The essence of the process interaction approach is closely related to object-oriented programming and actually the simulation language Simula, that follows the process interaction approach, was the first object-oriented programming language. Each class of entities (e.g. different kinds of jobs) has its own process and each entity created as a member of a particular class inherits this
process. The ’life’ of a focal entity can be traced by checking its progress through and its current position in its process. As entities entering the system during the simulation are initiated as members of their class and inherit their class’ process – as a template for their future ’life’ in the system – as many processes as entities run concurrently in the system and the number of processes fluctuates with the number of entities entering and leaving the system (Page, 1991; Pidd, 1992).

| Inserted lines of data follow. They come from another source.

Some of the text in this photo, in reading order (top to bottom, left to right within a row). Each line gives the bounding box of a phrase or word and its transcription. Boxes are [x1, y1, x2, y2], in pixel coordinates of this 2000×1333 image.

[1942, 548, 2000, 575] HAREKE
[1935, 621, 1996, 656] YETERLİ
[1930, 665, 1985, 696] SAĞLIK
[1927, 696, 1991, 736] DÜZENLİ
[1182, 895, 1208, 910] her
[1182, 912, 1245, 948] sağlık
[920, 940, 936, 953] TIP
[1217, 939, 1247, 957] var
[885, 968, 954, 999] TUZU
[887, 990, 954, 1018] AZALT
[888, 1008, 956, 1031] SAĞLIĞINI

If entities interact so do their processes, activities of different processes for example can overlap and run parallel, if there are no conflicts, or only sequentially if they block each other. In the later case passive waiting times have to be modeled explicitly and active operation times implicitly through the change from one event and activity to another (Page, 1991). The main routine in a process interaction simulation program – which itself can be seen as a process – has to keep track of all running processes at any point in time, which is difficult as this number might be unknown in advance and fluctuating with the entities in the system. Each process has to be moved forward as far as possible by the main routine, which also needs functionalities to interrupt a process – unconditionally when an delay is determined in advance or conditionally when the movement of an entity through its process is halted until specific conditions in the simulation are satisfied – and to restart it again later. These additional requirements make the process interaction approach more complex and difficult to implement in a simulation program compared to the other programming styles discussed above (Pidd, 1992).

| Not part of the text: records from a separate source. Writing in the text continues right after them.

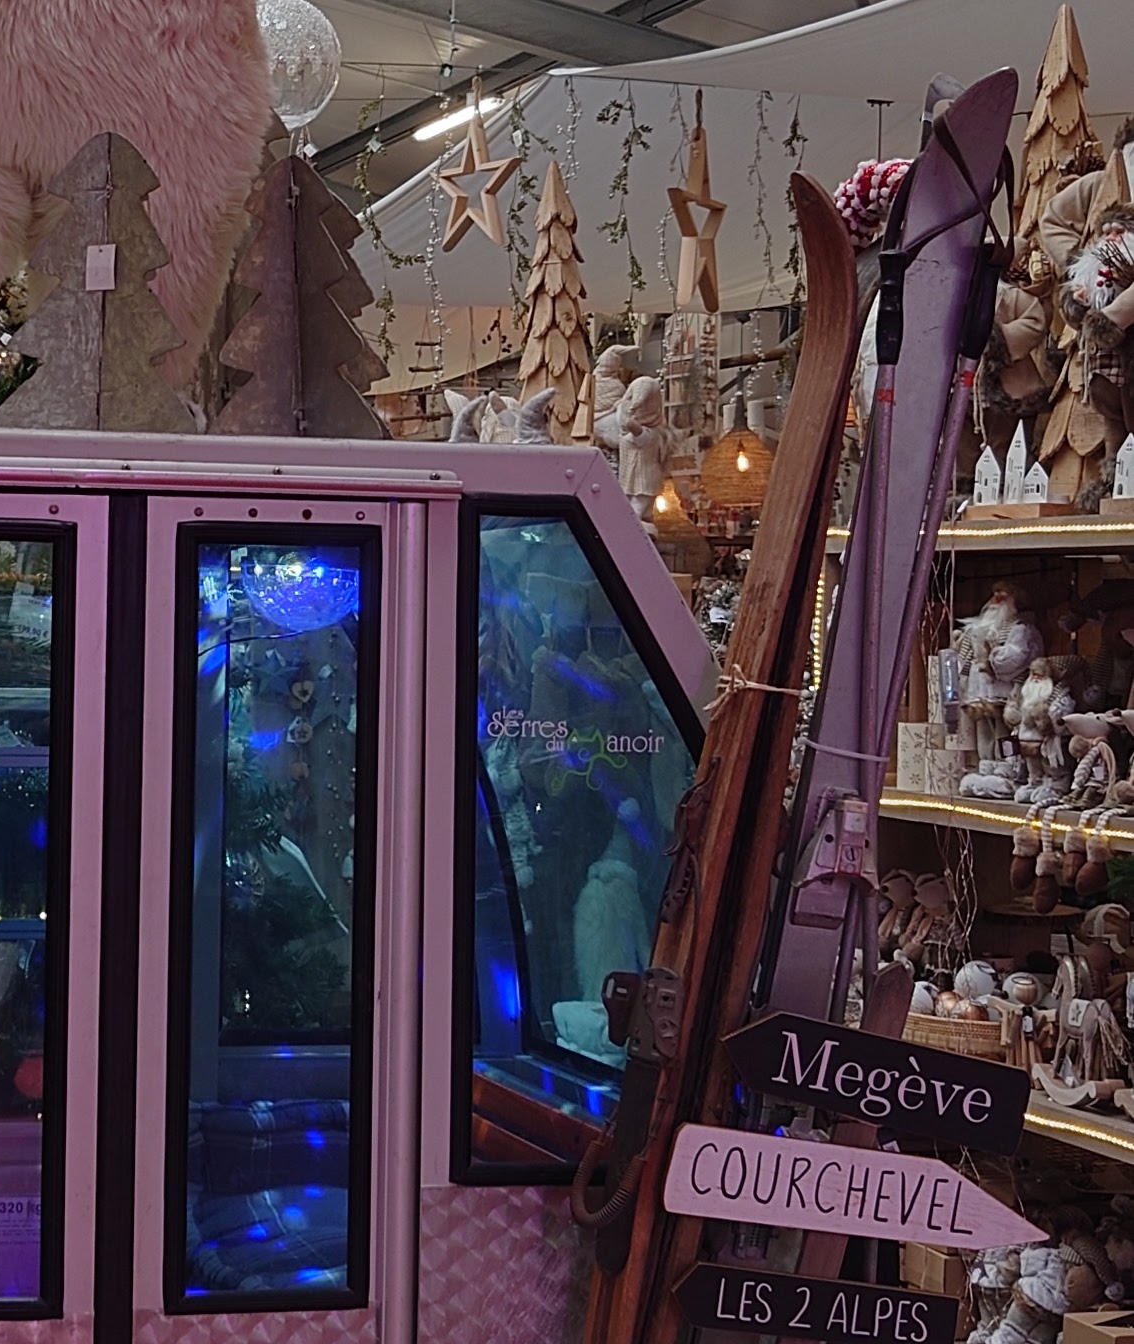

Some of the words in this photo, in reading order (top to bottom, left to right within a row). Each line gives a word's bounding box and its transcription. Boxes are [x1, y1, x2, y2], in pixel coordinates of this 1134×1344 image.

[487, 711, 568, 738] Serres
[502, 706, 524, 720] Les
[545, 736, 564, 752] du
[771, 1031, 994, 1126] Megève
[690, 1141, 975, 1236] COURCHEVEL
[0, 1201, 24, 1214] 320
[715, 1277, 773, 1325] LES
[788, 1286, 812, 1330] 2
[826, 1291, 929, 1344] ALPES

For the purpose of the process interaction approach the main routine has to maintain a record of each process which contains the reactivation time and the reactivation point of the process i.e. when and where the process of an entity has to be continued. If one considers the reactivation of a process as an event then the executive part of the simulation program can be implemented much like the future event list of the event-scheduling approach, with the distinction that it contains the next reactivation times of the processes ordered increasing in time. In contrast to event routines however the processes are not processed from their beginning and do not terminate but can be interrupted before they completed and re-activated later to further proceed from this point. For this reactivation it is necessary to save the process state – all attribute values as well as information on reactivation points of the process – before the deactivation (Page, 1991; Liebl, 1992; Pidd, 1992).